The problem:
Transcribe the records in full, keeping every character as it is.
Data to examine Start Marker
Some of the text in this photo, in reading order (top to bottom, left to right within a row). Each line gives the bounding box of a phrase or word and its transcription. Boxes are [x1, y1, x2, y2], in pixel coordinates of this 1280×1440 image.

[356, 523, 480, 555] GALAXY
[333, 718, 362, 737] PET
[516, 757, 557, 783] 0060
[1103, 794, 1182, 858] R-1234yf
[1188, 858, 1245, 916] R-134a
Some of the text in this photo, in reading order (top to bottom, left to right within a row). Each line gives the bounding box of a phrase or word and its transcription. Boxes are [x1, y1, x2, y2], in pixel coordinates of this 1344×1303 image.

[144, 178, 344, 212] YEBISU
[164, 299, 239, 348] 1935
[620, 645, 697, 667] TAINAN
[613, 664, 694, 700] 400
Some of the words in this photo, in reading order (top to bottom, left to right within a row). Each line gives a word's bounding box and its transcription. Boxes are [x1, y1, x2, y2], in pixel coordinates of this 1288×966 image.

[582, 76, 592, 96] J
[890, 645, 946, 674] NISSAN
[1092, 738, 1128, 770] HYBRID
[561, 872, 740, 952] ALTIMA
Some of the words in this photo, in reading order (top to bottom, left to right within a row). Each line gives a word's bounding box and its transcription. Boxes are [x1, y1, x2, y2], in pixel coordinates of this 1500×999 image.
Data to examine End Marker
Your response:
Some of the text in this photo, in reading order (top to bottom, left to right within a row). Each line gives the bounding box of a phrase or word and its transcription. Boxes are [x1, y1, x2, y2], in pixel coordinates of this 1280×1440 image.

[356, 523, 480, 555] GALAXY
[333, 718, 362, 737] PET
[516, 757, 557, 783] 0060
[1103, 794, 1182, 858] R-1234yf
[1188, 858, 1245, 916] R-134a
Some of the text in this photo, in reading order (top to bottom, left to right within a row). Each line gives the bounding box of a phrase or word and its transcription. Boxes are [x1, y1, x2, y2], in pixel coordinates of this 1344×1303 image.

[144, 178, 344, 212] YEBISU
[164, 299, 239, 348] 1935
[620, 645, 697, 667] TAINAN
[613, 664, 694, 700] 400
Some of the words in this photo, in reading order (top to bottom, left to right within a row). Each line gives a word's bounding box and its transcription. Boxes are [x1, y1, x2, y2], in pixel coordinates of this 1288×966 image.

[582, 76, 592, 96] J
[890, 645, 946, 674] NISSAN
[1092, 738, 1128, 770] HYBRID
[561, 872, 740, 952] ALTIMA
Some of the words in this photo, in reading order (top to bottom, left to right within a row). Each line gives a word's bounding box and its transcription. Boxes are [x1, y1, x2, y2], in pixel coordinates of this 1500×999 image.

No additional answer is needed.